[Images for object localization]
══════════════════════════════

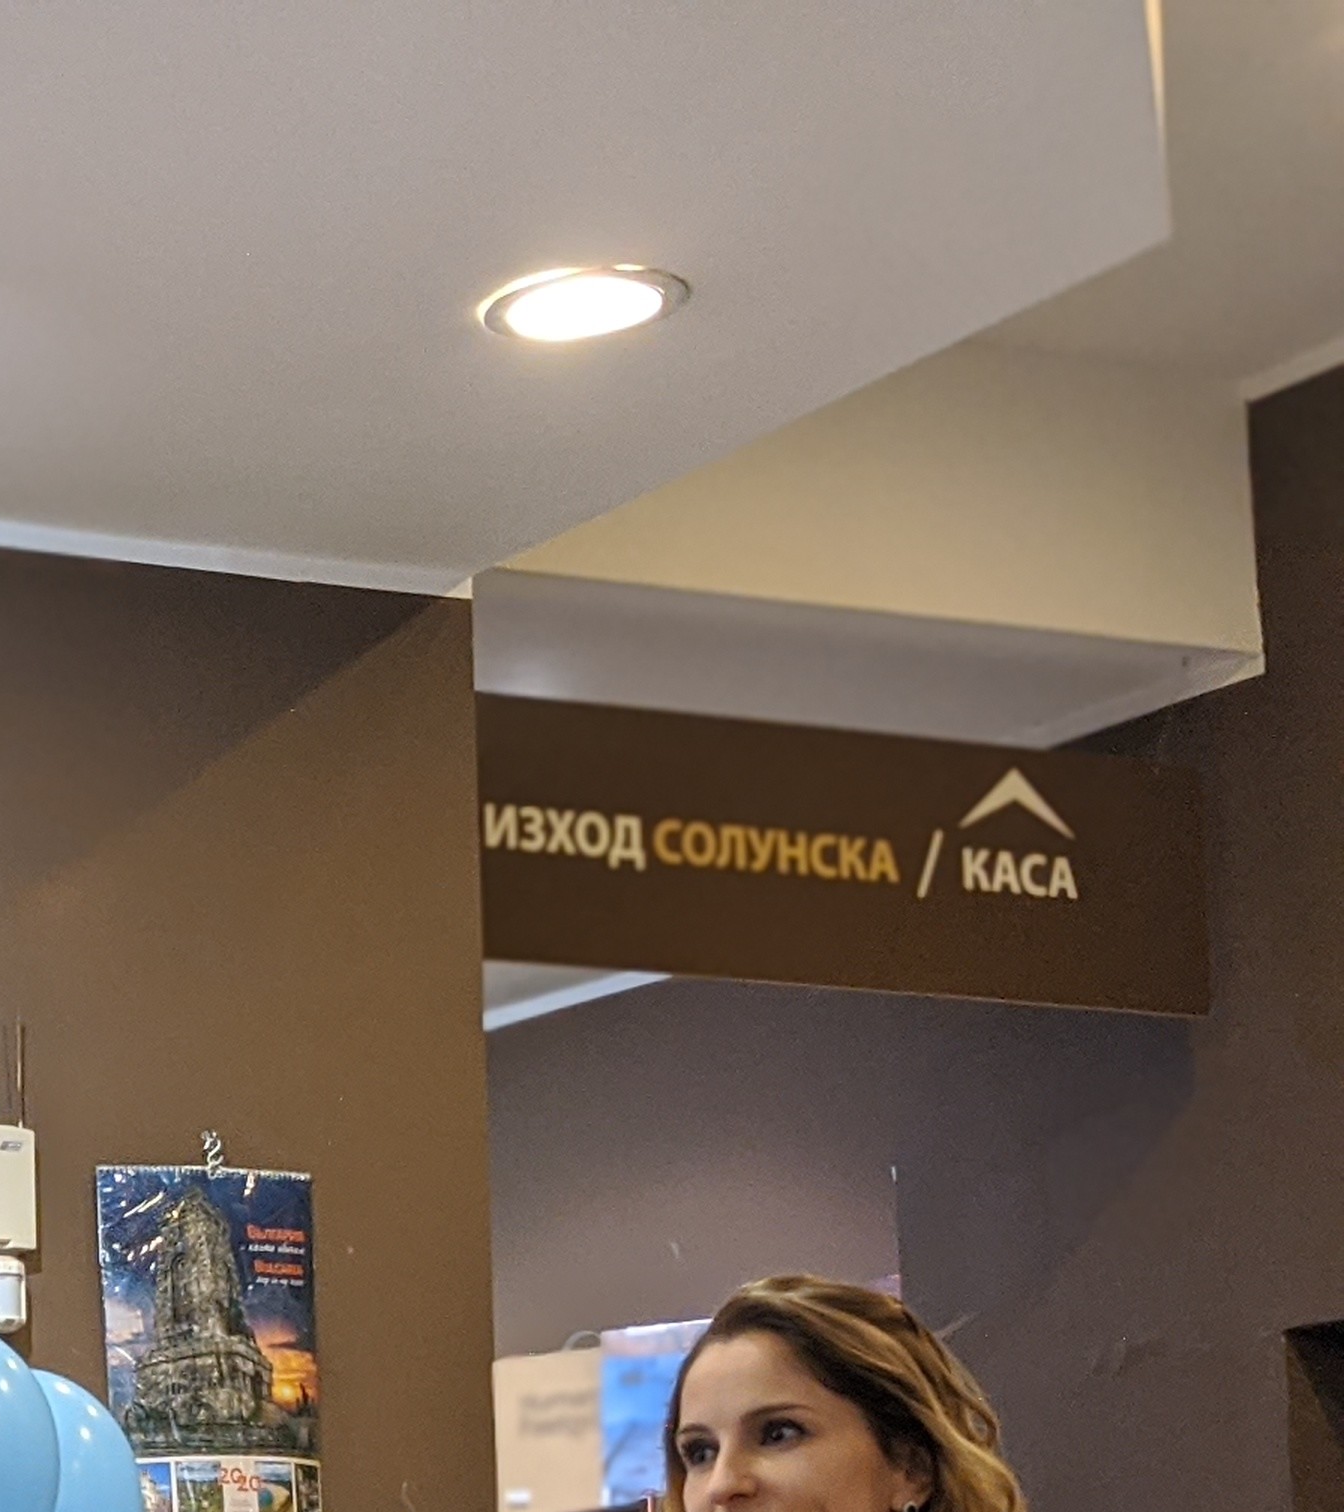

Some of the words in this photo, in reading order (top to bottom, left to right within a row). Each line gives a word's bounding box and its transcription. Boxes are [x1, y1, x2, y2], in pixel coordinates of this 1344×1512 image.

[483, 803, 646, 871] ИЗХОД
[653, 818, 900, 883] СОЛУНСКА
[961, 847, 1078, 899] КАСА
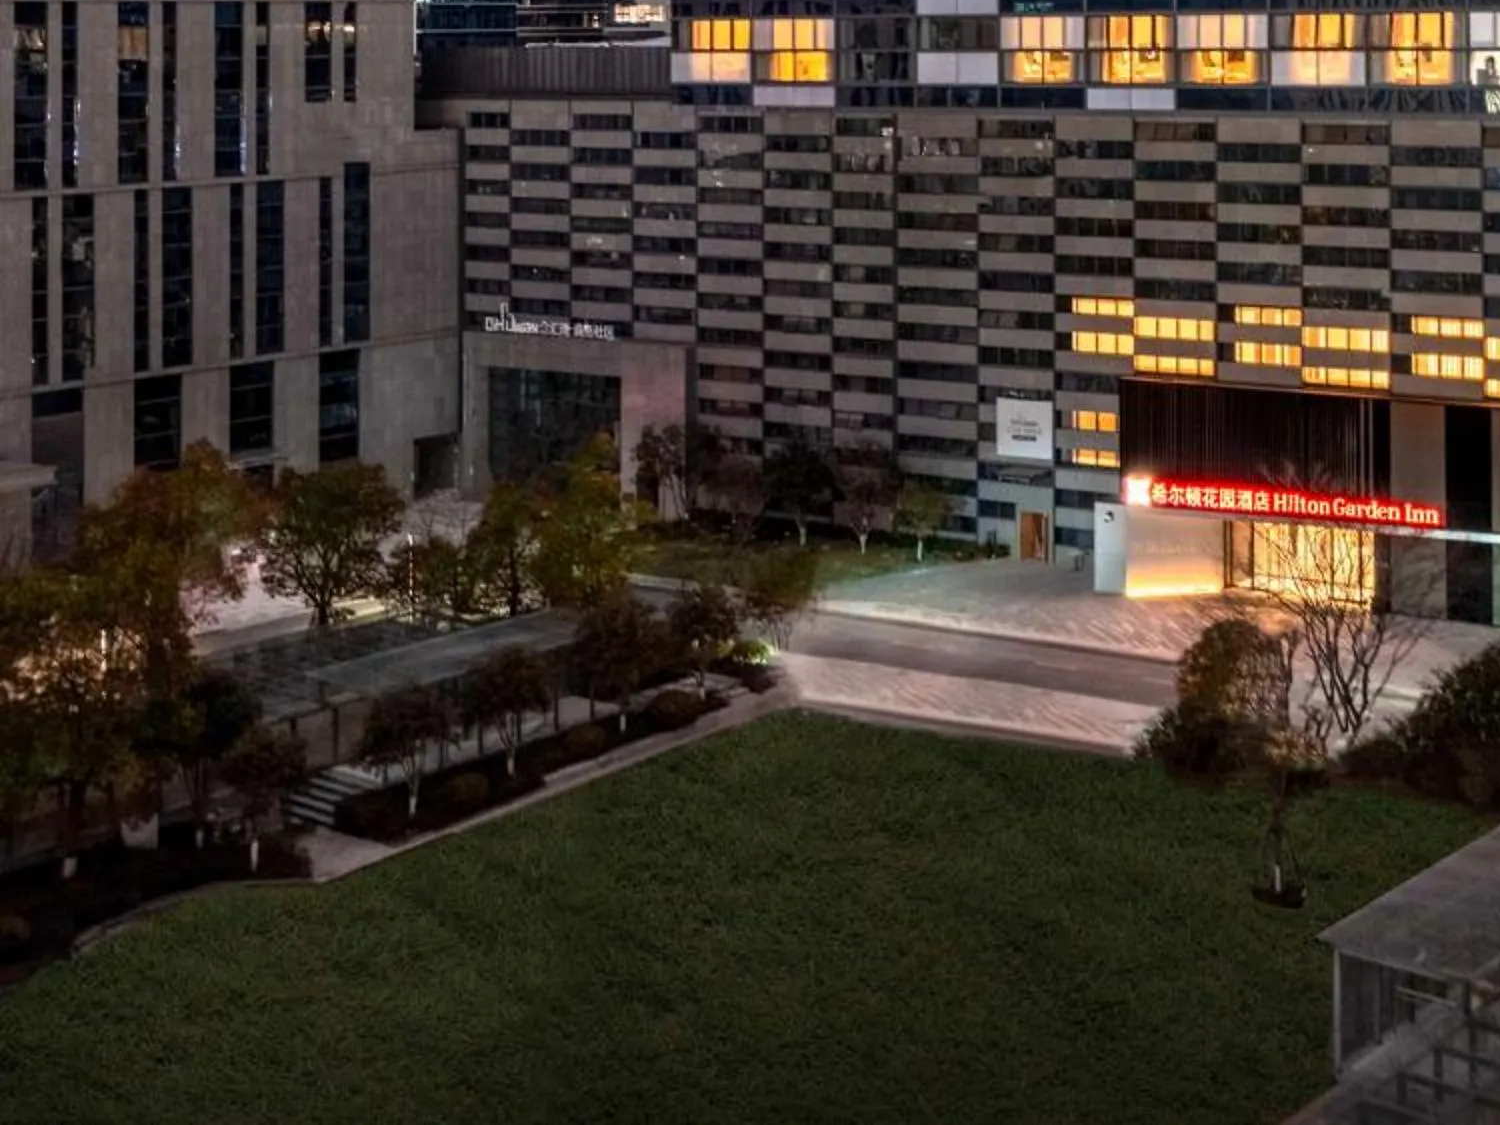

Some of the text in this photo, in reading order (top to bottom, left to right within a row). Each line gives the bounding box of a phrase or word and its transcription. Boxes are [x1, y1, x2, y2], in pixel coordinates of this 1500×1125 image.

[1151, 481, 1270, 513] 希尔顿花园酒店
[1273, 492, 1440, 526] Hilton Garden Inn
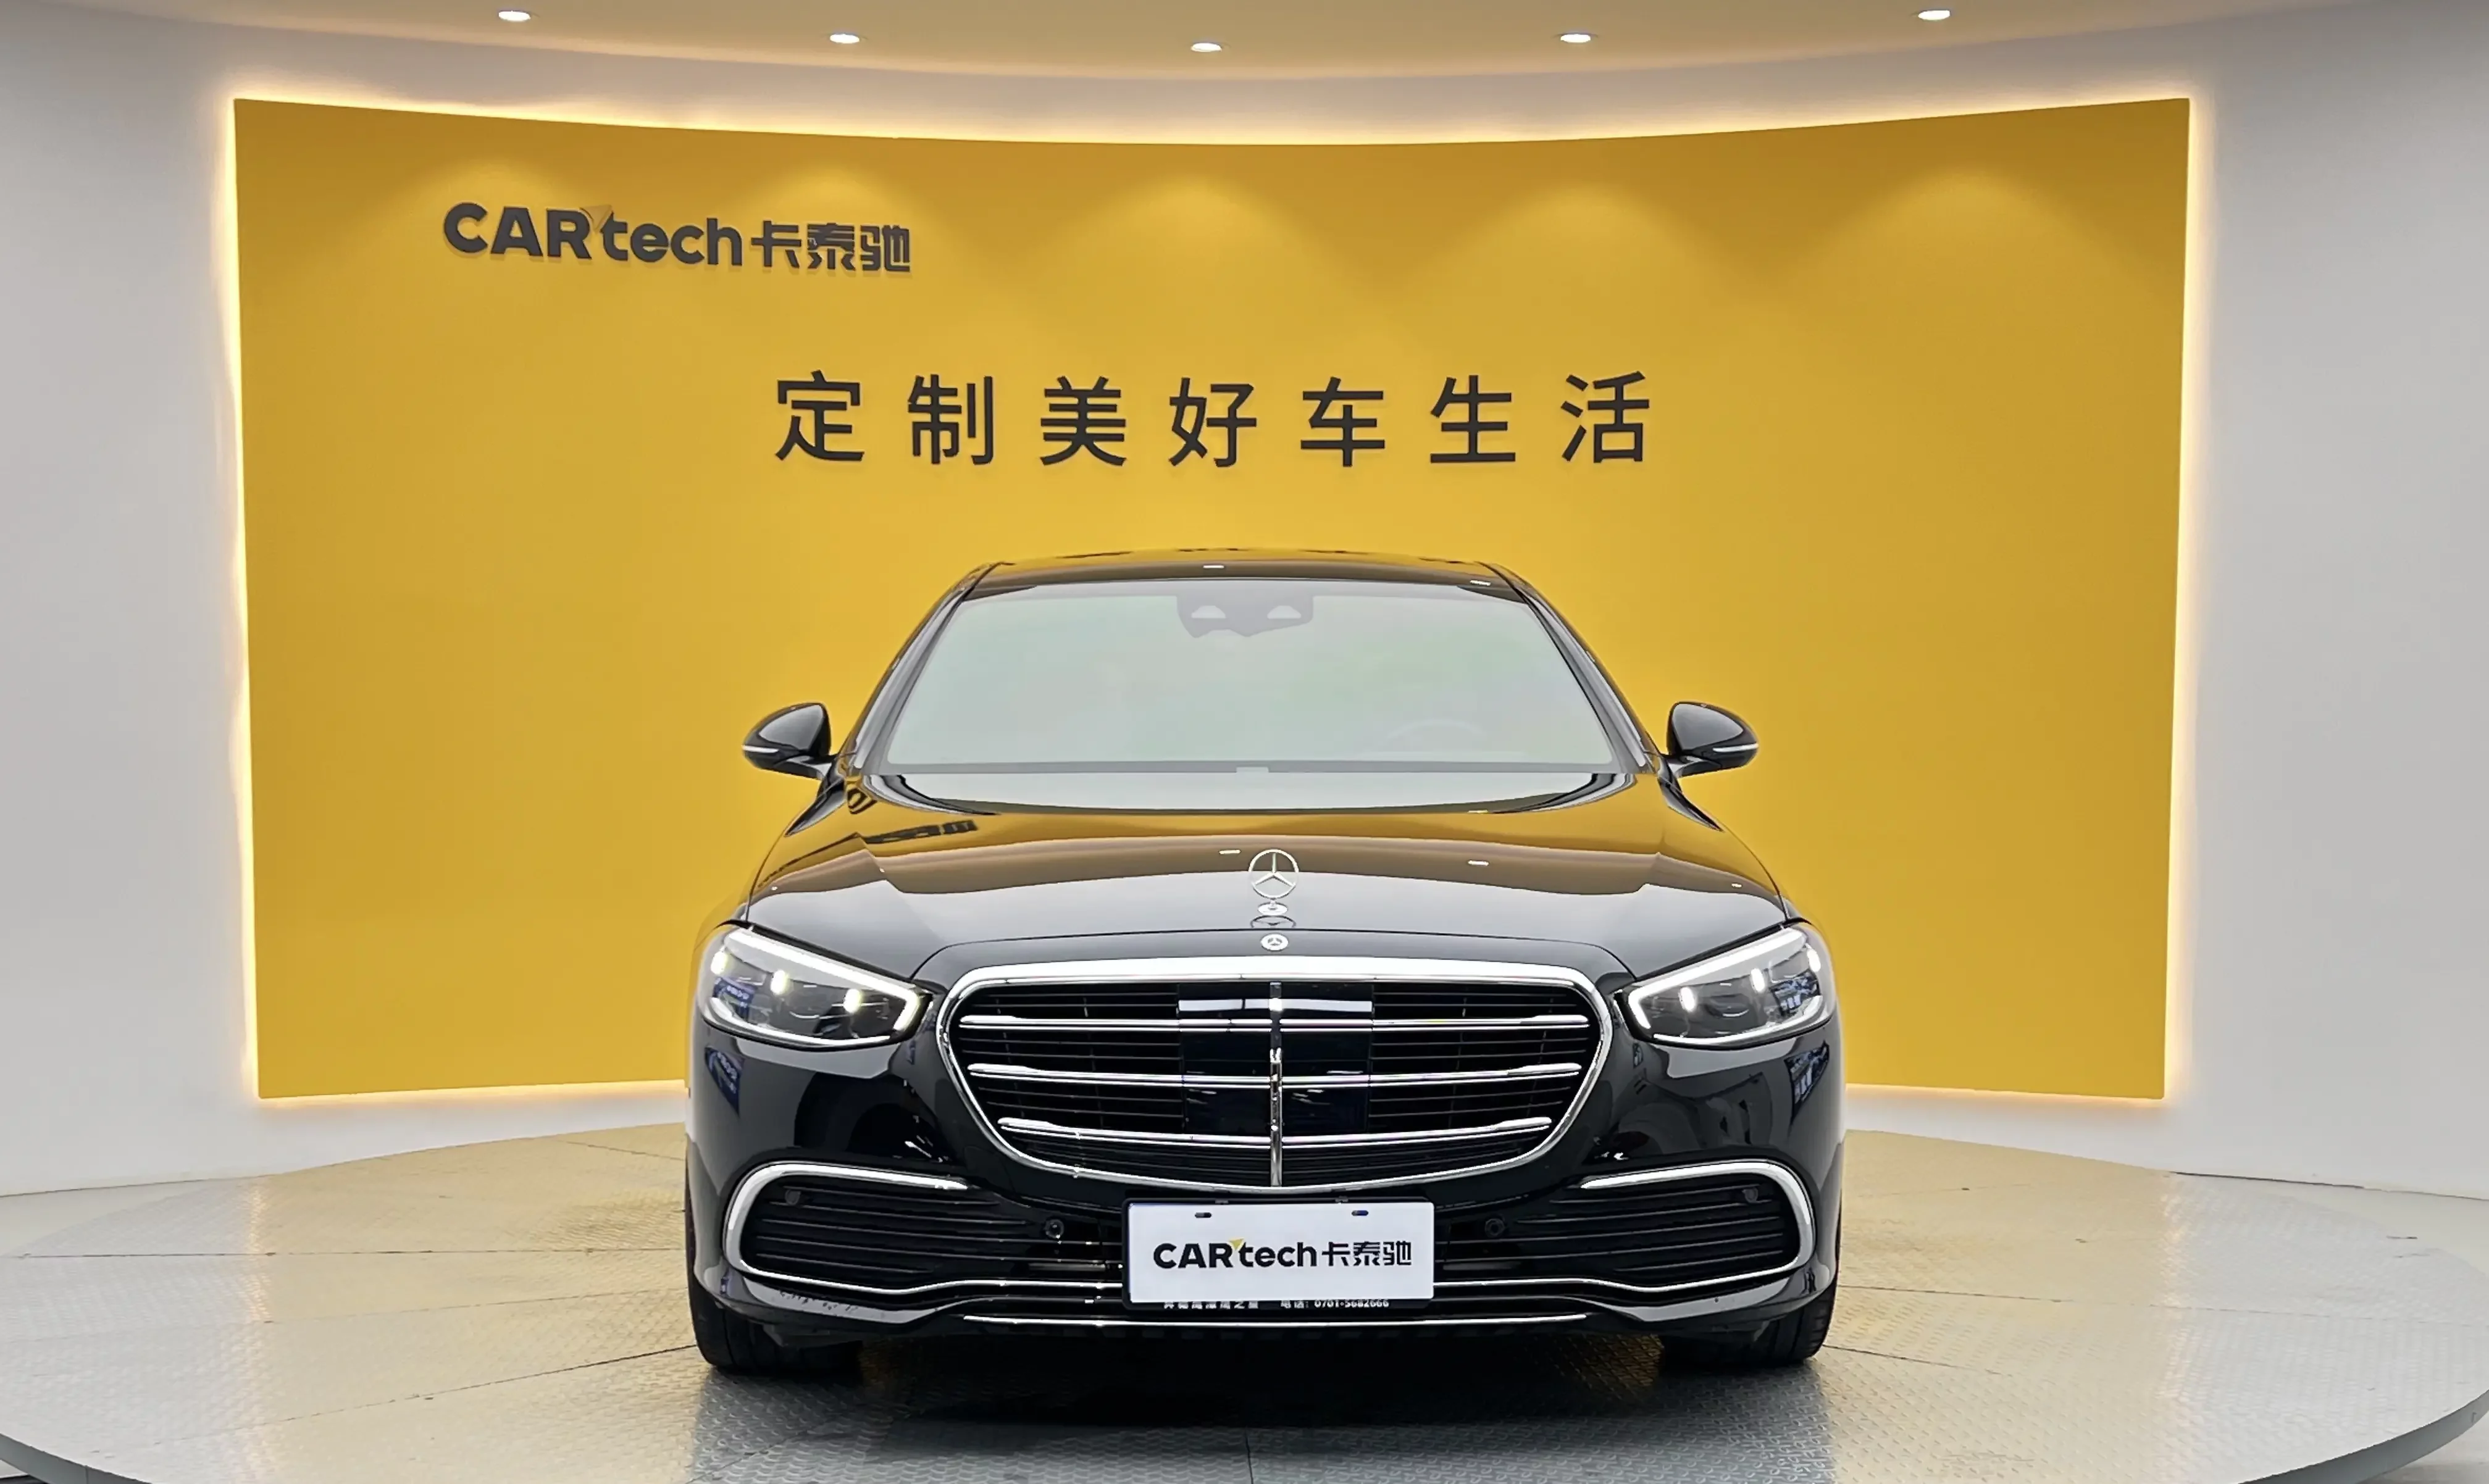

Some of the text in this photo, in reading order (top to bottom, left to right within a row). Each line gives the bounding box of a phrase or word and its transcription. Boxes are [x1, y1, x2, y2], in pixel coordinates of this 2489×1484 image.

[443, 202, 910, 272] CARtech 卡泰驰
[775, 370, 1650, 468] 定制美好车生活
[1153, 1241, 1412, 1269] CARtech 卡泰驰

══════════════════════════════

▸ Exercise brief:
Write out exactly the lines from the one with "this 2489×1484 image." through the end of the records above, both ends included, and leave out all other lines.

▸ Your response:
Some of the text in this photo, in reading order (top to bottom, left to right within a row). Each line gives the bounding box of a phrase or word and its transcription. Boxes are [x1, y1, x2, y2], in pixel coordinates of this 2489×1484 image.

[443, 202, 910, 272] CARtech 卡泰驰
[775, 370, 1650, 468] 定制美好车生活
[1153, 1241, 1412, 1269] CARtech 卡泰驰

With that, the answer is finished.